WORK TASK
Retype the data below exactly; skip every image.

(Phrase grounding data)
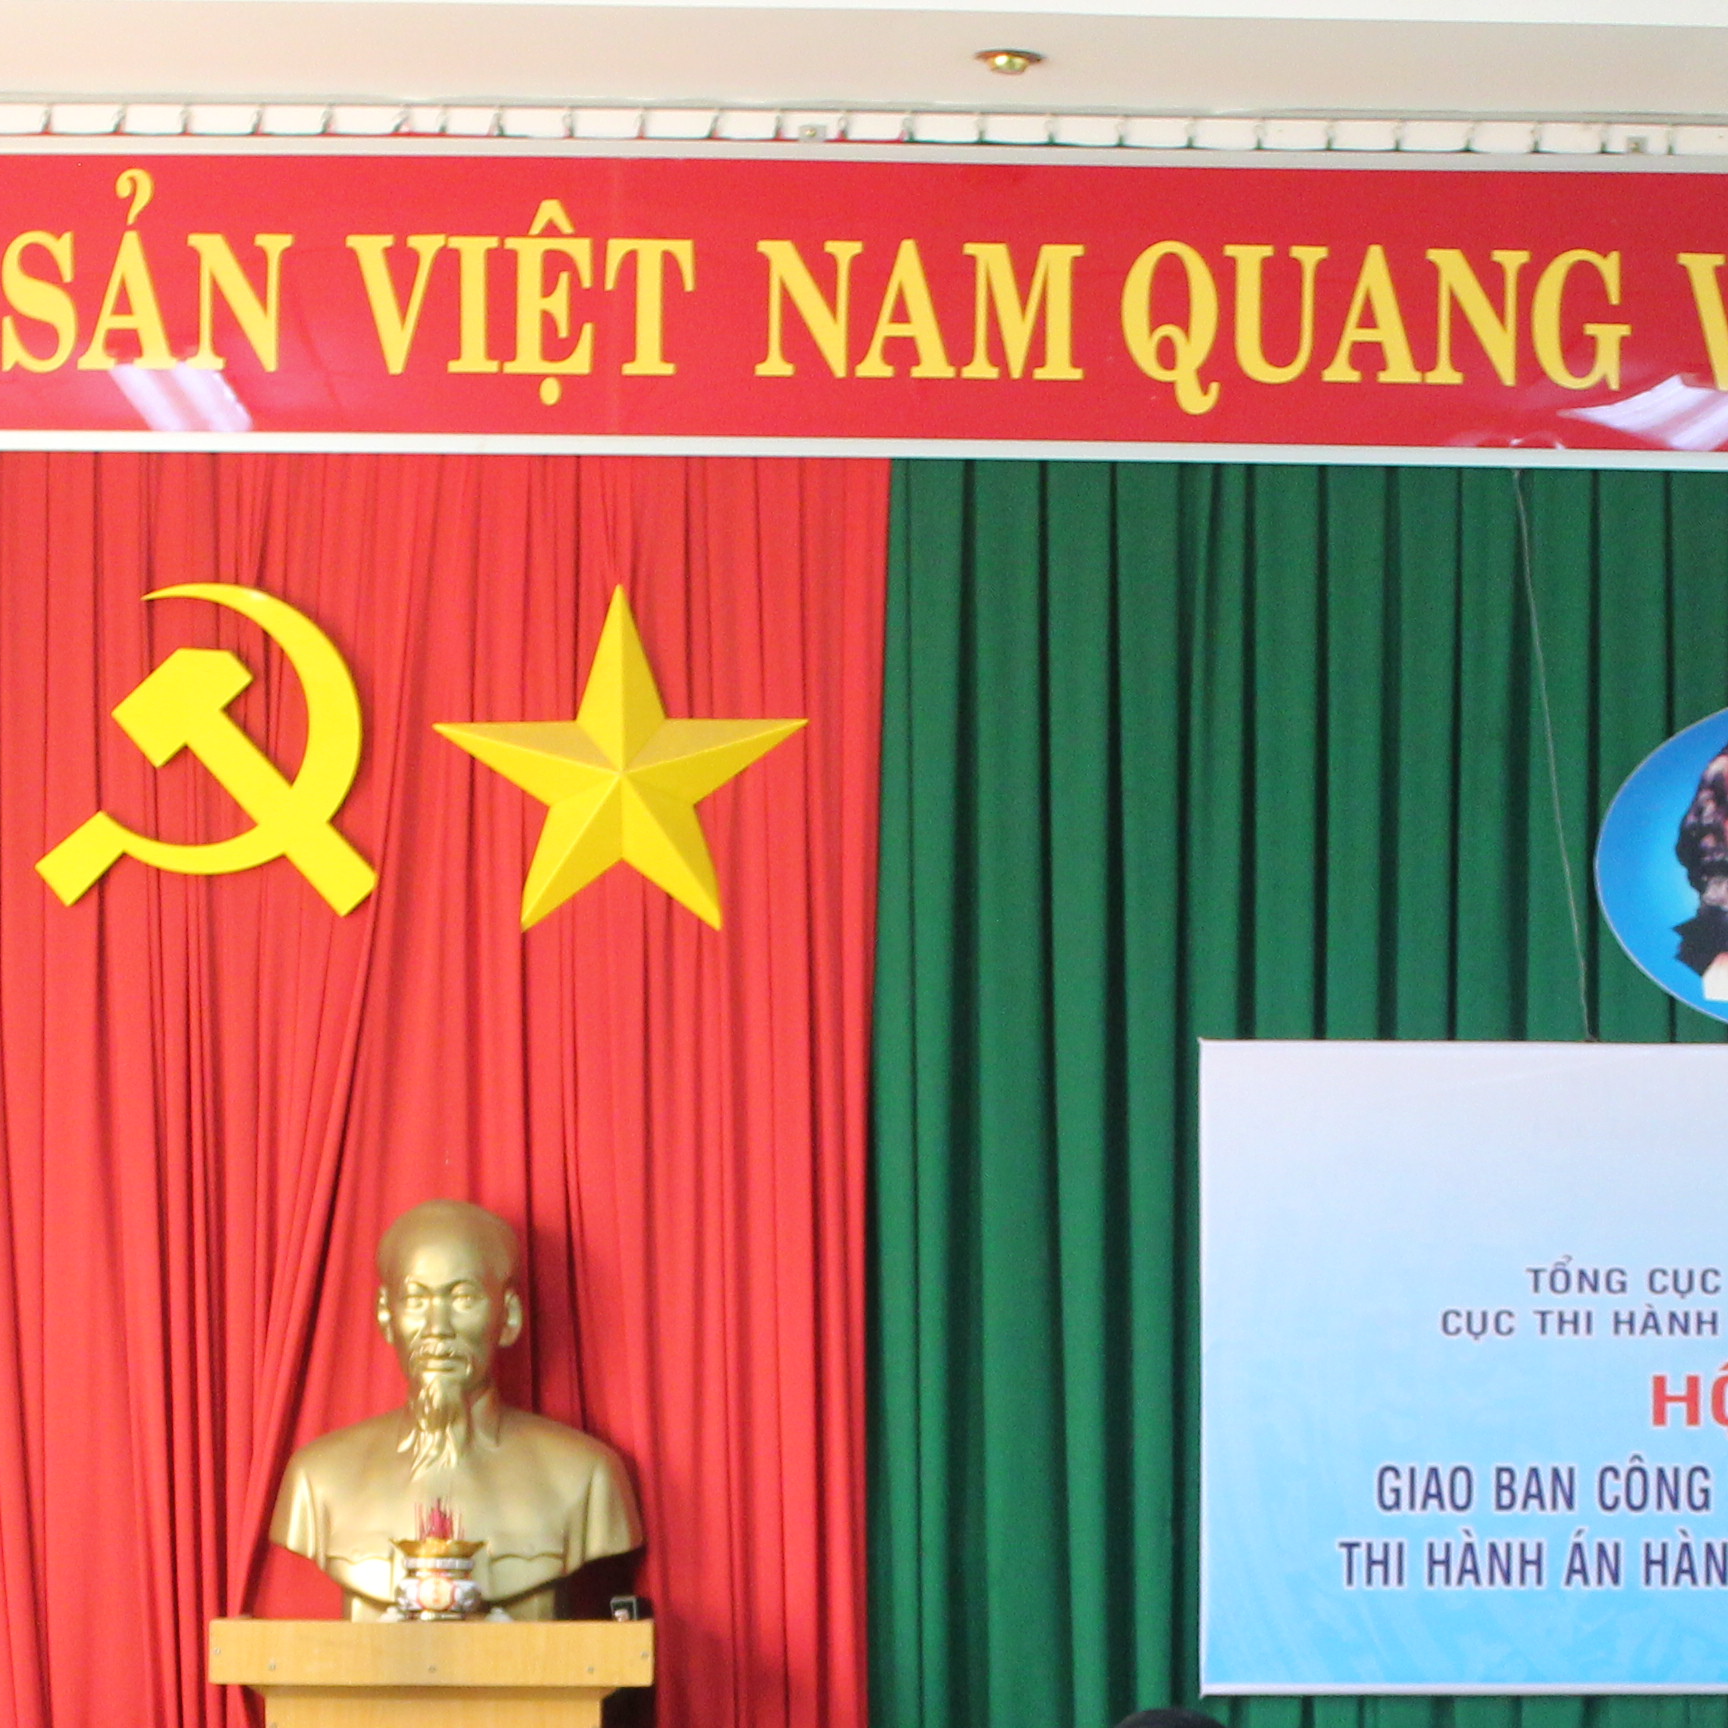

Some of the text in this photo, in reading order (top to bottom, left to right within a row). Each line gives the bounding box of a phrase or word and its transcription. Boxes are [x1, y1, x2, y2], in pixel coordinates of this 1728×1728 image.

[0, 167, 295, 375] SẢN
[344, 198, 696, 407] VIỆT
[754, 238, 1086, 381] NAM
[1120, 239, 1632, 416] QUANG
[1526, 1254, 1628, 1296] TỔNG
[1647, 1267, 1722, 1299] CỤC
[1441, 1309, 1515, 1341] CỤC
[1534, 1309, 1593, 1336] THI
[1612, 1303, 1718, 1336] HÀNH
[1376, 1464, 1474, 1513] GIAO
[1493, 1464, 1576, 1512] BAN
[1597, 1452, 1711, 1513] CÔNG
[1338, 1540, 1406, 1587] THI
[1426, 1528, 1544, 1587] HÀNH
[1564, 1528, 1622, 1587] ÁN

REPLY
Some of the text in this photo, in reading order (top to bottom, left to right within a row). Each line gives the bounding box of a phrase or word and its transcription. Boxes are [x1, y1, x2, y2], in pixel coordinates of this 1728×1728 image.

[0, 167, 295, 375] SẢN
[344, 198, 696, 407] VIỆT
[754, 238, 1086, 381] NAM
[1120, 239, 1632, 416] QUANG
[1526, 1254, 1628, 1296] TỔNG
[1647, 1267, 1722, 1299] CỤC
[1441, 1309, 1515, 1341] CỤC
[1534, 1309, 1593, 1336] THI
[1612, 1303, 1718, 1336] HÀNH
[1376, 1464, 1474, 1513] GIAO
[1493, 1464, 1576, 1512] BAN
[1597, 1452, 1711, 1513] CÔNG
[1338, 1540, 1406, 1587] THI
[1426, 1528, 1544, 1587] HÀNH
[1564, 1528, 1622, 1587] ÁN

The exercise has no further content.